Никита лениво поднимает голову - он расположился на пустых мешках в тени деревьев, и делает разрешающий жест рукой. Говорить ему не хочется. Рядом с ним пристроился старший Безручко, а Николай сегодня отпросился до обеда по своим делам. Дисциплина на нашем блокпосту неважная. С другой стороны, слухов о нацгвардейцах, шарящих где-то поблизости, нет, чего терять время попусту?

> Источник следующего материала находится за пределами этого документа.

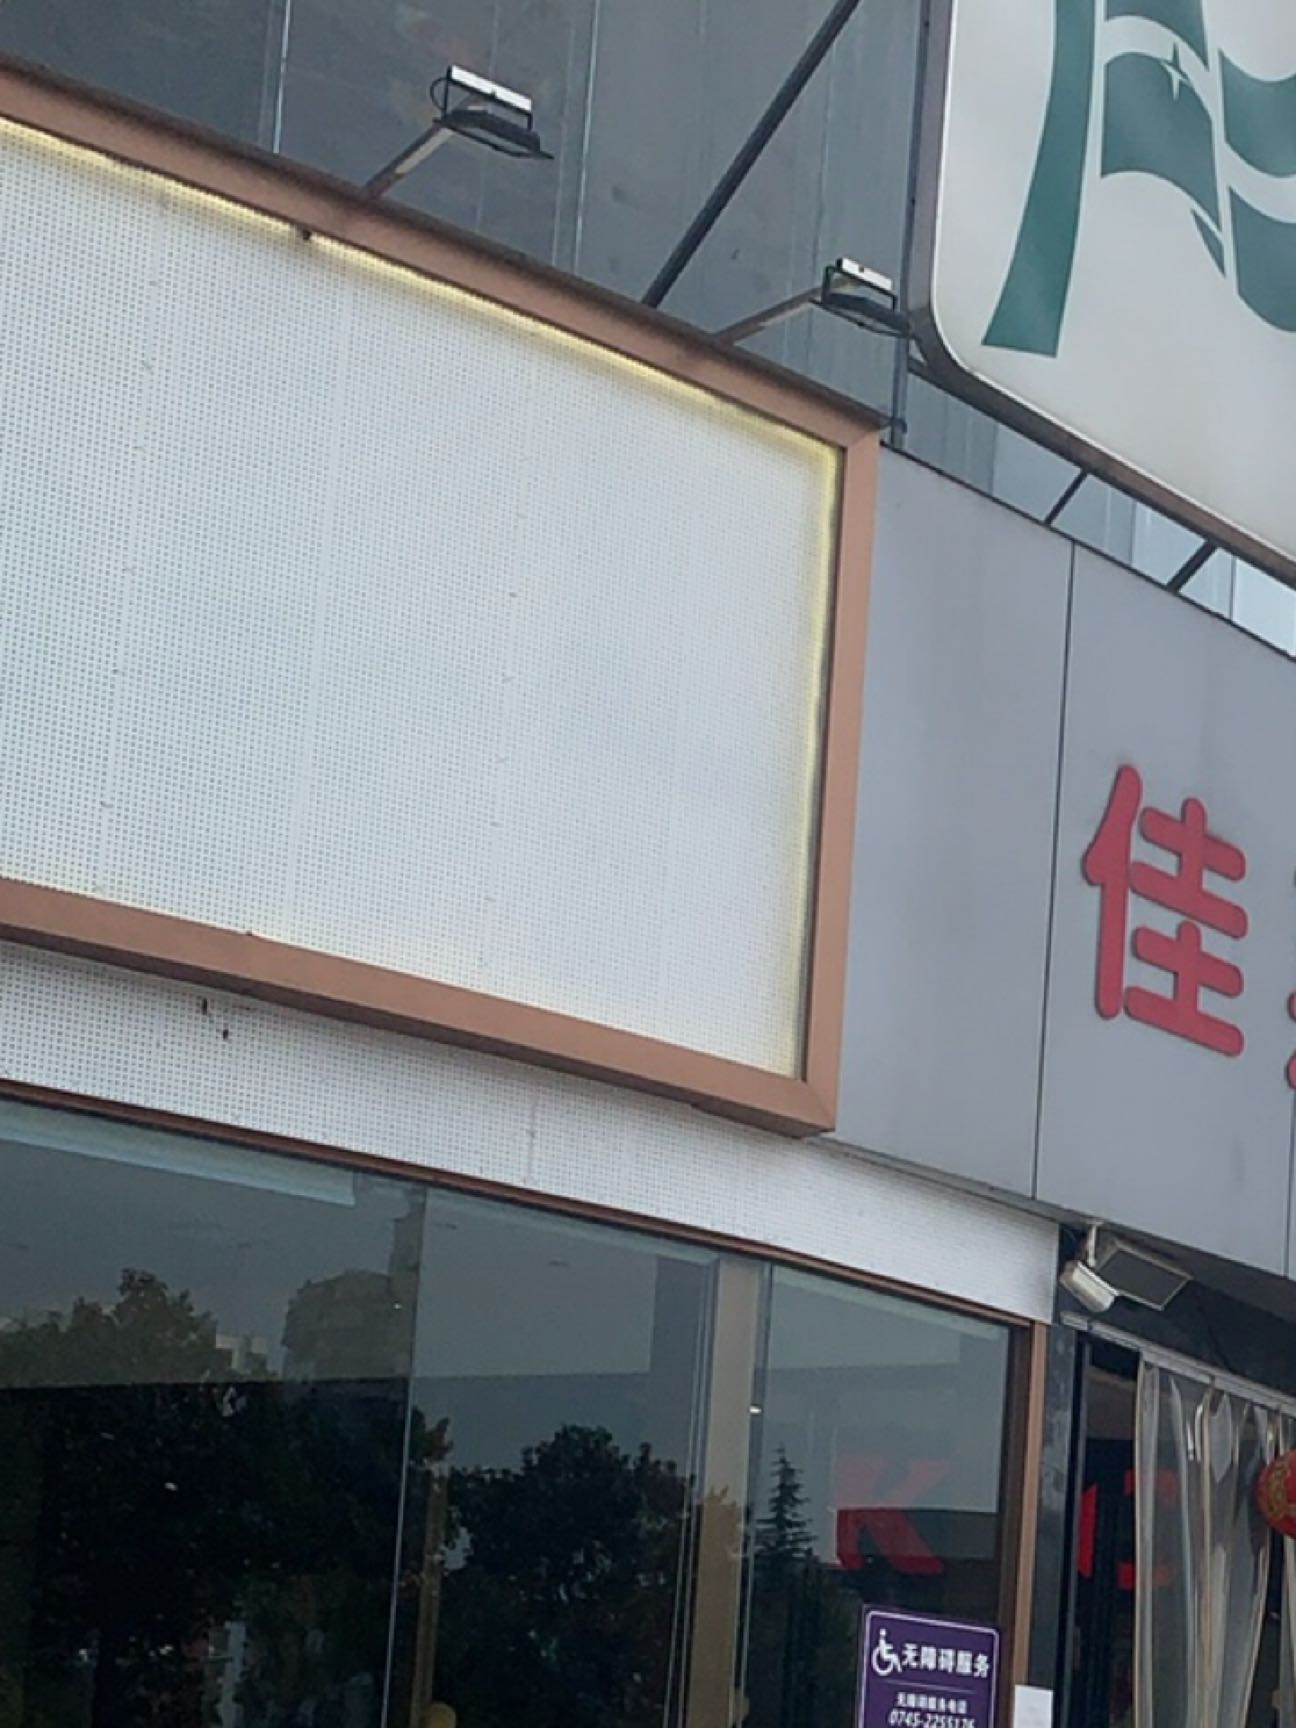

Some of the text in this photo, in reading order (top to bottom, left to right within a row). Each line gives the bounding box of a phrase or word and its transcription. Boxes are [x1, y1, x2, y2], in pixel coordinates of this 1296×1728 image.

[902, 1643, 989, 1678] 无障碍服务

Отправляюсь к танку. Стараюсь идти по обочине и, хотя от ног поднимается пыль, покрывающая мои мокасины густым серым слоем, все равно это лучше, чем топать по горячему асфальту. Автомат на всякий случай беру наизготовку, снимаю с предохранителя.
Несколько сот метров иду довольно легко и быстро, но со второго километра я напоминаю сам себе собаку в жаркую погоду - хочется высунуть язык наружу и часто-часто мелко дышать.
Танк вырастает на моих глазах. Он серо-зеленого цвета, с башней обложенной ребристыми квадратами, словно чешуя рыбы. Я знаю, что это защита от гранатометов, так мне братья Безручко говорили. Однако квадраты от поражения не спасли. Оказывается, его не бросили, а всё-таки подбили и, судя по черной копоти за башней, попали в моторное отделение. Бушевавший пожар окрасил в ржавый рыжий цвет всю заднюю часть железной машины.